(EXERCISE INPUTS Opens)

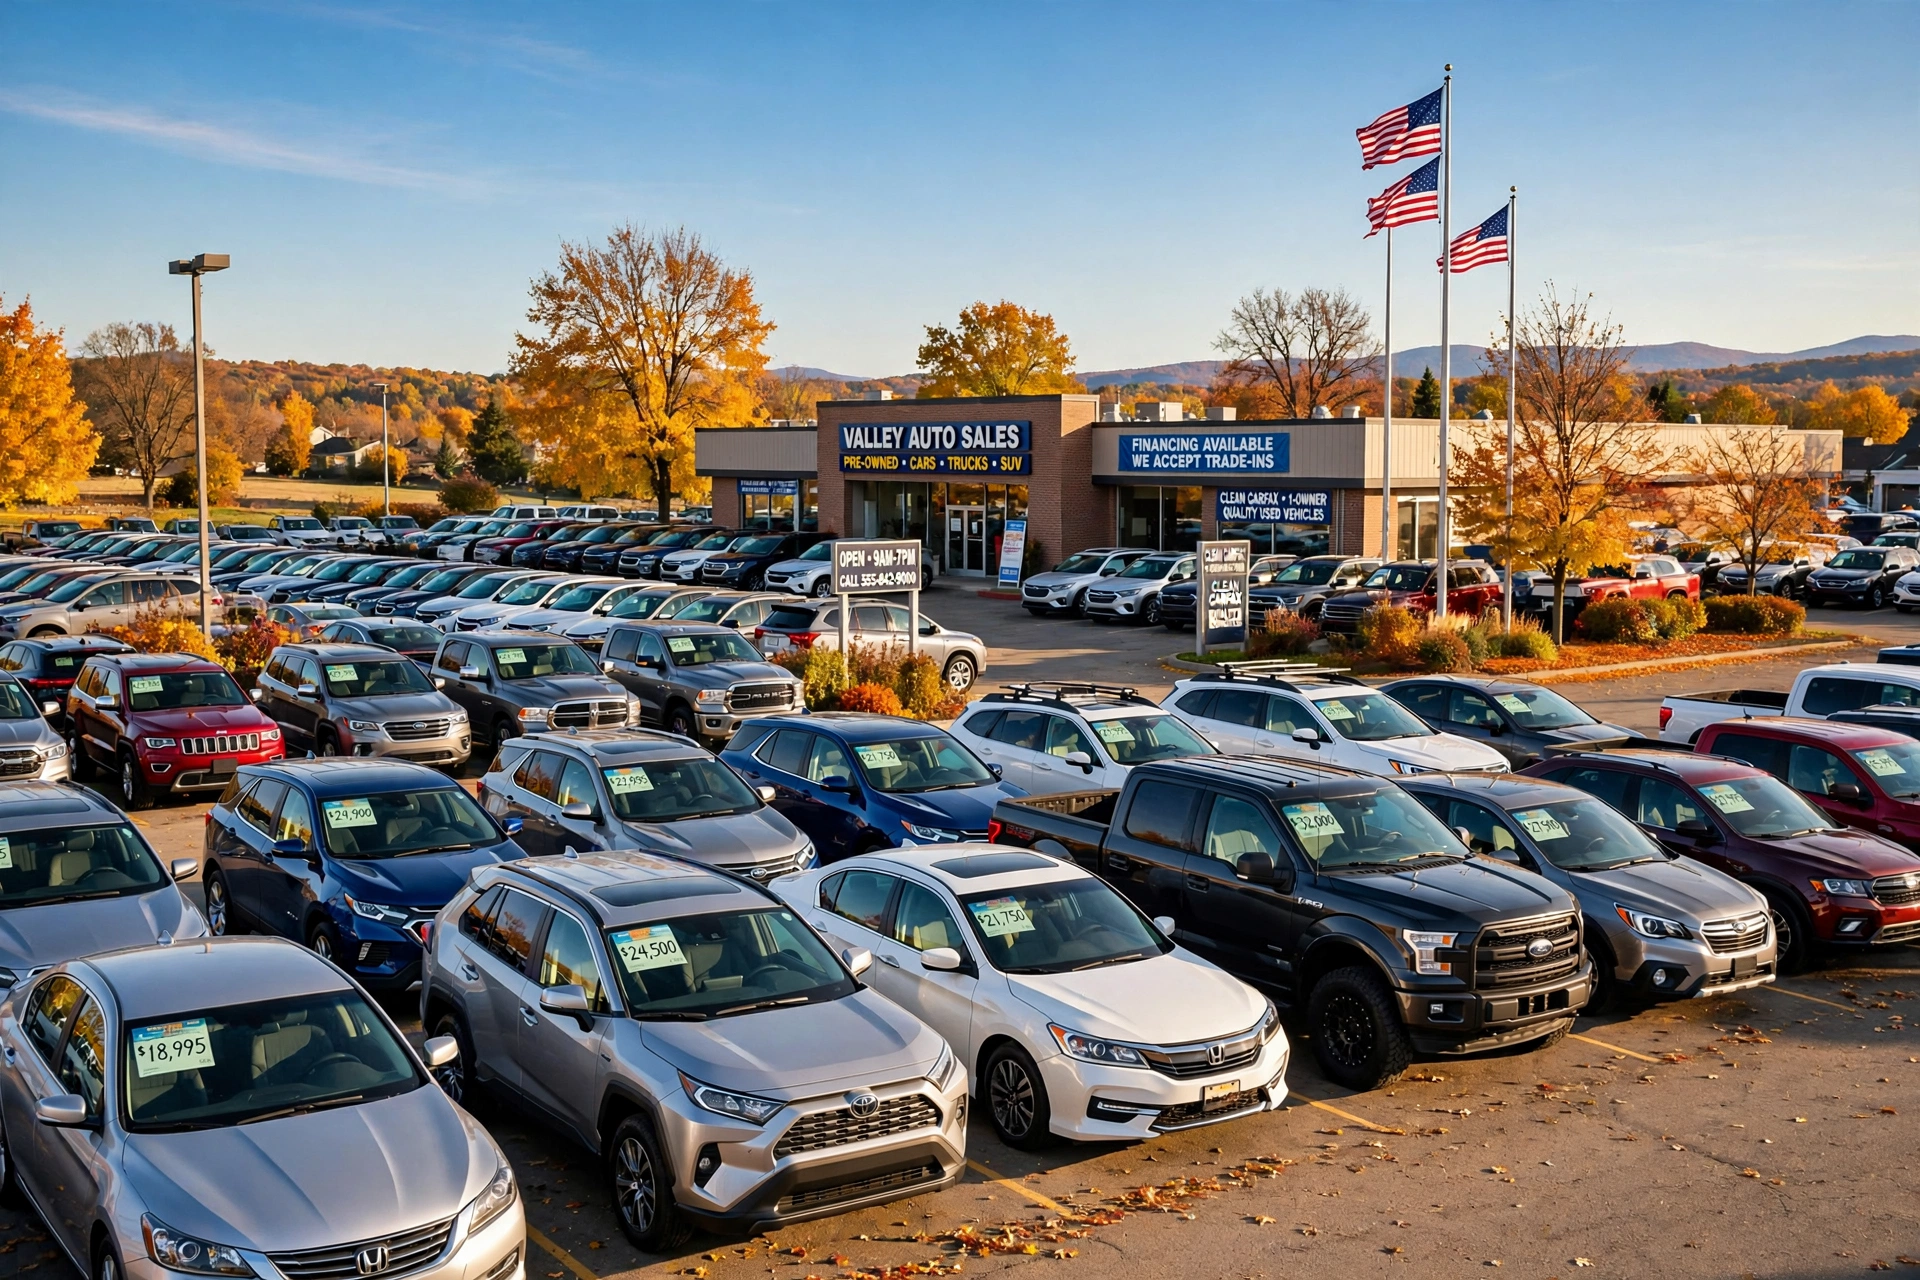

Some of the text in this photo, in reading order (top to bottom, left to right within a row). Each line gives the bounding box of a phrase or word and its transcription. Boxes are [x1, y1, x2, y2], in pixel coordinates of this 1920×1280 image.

[843, 424, 1020, 449] VALLEY AUTO SALES
[1132, 436, 1274, 452] FINANCING AVAILABLE
[843, 455, 1022, 471] PRE-OWNED CARS TRUCKS SUV
[1132, 454, 1275, 469] WE ACCEPT TRADE-INS
[1219, 491, 1328, 507] CLEAN CARFAX 1-OWNER
[1223, 506, 1325, 521] QUALITY USED VEHICLES
[840, 548, 917, 568] OPEN 9AM-7PM
[840, 574, 860, 588] CALL
[977, 909, 1025, 927] $21,750
[620, 940, 677, 961] $24,500
[137, 1036, 206, 1062] $18,995

(EXERCISE INPUTS Closes)

→ TASK INSTRUCTIONS
Give back every entry in its exact wording, leaving the pictures out.

→ SOLVED EXERCISE
Some of the text in this photo, in reading order (top to bottom, left to right within a row). Each line gives the bounding box of a phrase or word and its transcription. Boxes are [x1, y1, x2, y2], in pixel coordinates of this 1920×1280 image.

[843, 424, 1020, 449] VALLEY AUTO SALES
[1132, 436, 1274, 452] FINANCING AVAILABLE
[843, 455, 1022, 471] PRE-OWNED CARS TRUCKS SUV
[1132, 454, 1275, 469] WE ACCEPT TRADE-INS
[1219, 491, 1328, 507] CLEAN CARFAX 1-OWNER
[1223, 506, 1325, 521] QUALITY USED VEHICLES
[840, 548, 917, 568] OPEN 9AM-7PM
[840, 574, 860, 588] CALL
[977, 909, 1025, 927] $21,750
[620, 940, 677, 961] $24,500
[137, 1036, 206, 1062] $18,995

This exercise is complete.